Responsabilité du transporteur ferroviaire : le manquement à l'obligation de sécurité par le maintien des portes ouvertes justifie un partage de responsabilité avec la victime imprudente (CA. com. Casablanca 2024)
Le transporteur ferroviaire est responsable pour manquement à la sécurité (portes ouvertes), mais la responsabilité est partagée avec la victime imprudente.
Points clés
- Manquement à l'obligation de sécurité.
- Responsabilité du transporteur ferroviaire.
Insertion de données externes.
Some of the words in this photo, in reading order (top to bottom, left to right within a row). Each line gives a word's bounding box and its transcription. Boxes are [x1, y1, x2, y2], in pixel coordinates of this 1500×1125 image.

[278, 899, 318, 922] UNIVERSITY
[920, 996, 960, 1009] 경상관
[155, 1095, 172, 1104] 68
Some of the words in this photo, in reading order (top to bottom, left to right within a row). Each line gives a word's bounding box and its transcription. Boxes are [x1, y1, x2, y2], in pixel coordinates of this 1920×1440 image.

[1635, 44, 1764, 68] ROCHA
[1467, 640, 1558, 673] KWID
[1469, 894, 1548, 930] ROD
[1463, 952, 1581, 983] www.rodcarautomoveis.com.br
- Partage de responsabilité avec la victime.
Résumé
Cette décision de la Cour d'appel de commerce de Casablanca aborde la question de la responsabilité du transporteur ferroviaire. Elle affirme que le maintien des portes ouvertes constitue un manquement à son obligation de sécurité, engageant sa responsabilité. Cependant, la Cour module cette responsabilité en cas d'imprudence de la victime, conduisant à un partage de responsabilité. Cette jurisprudence souligne l'importance de l'obligation de sécurité incombant aux transporteurs, tout en rappelant le devoir de prudence des usagers, permettant une répartition équitable des conséquences dommageables.
Texte
En matière de responsabilité du transporteur ferroviaire, la cour d'appel de commerce est saisie d'un litige relatif à l'indemnisation du préjudice corporel subi par une passagère. Le tribunal de commerce avait retenu une responsabilité partagée, imputant au transporteur les trois quarts du dommage et à la victime le quart restant. L'assureur du transporteur soulevait en appel, à titre principal, la prescription annale de l'action et, subsidiairement, la faute exclusive de la passagère ayant tenté de descendre du train en marche. La cour écarte le moyen tiré de la prescription en retenant l'application du délai quinquennal de l'article 5 du code de commerce propre aux obligations nées à l'occasion d'un acte de commerce. Sur le fond, la cour rappelle que le transporteur est tenu d'une obligation de résultat de sécurité et que le fait d'avoir laissé les portes ouvertes lors de la mise en mouvement du convoi constitue une faute qui engage sa responsabilité. Elle retient que cette faute du transporteur, prévisible et évitable, justifie le partage de responsabilité opéré par les premiers juges, la faute de la victime n'étant pas la cause exclusive du dommage. La cour juge par ailleurs que l'expertise ordonnée par une juridiction initialement saisie puis déclarée incompétente demeure un élément d'appréciation valable, la juridiction du fond conservant son pouvoir souverain pour fixer l'indemnisation. Le jugement est en conséquence confirmé en toutes ses dispositions.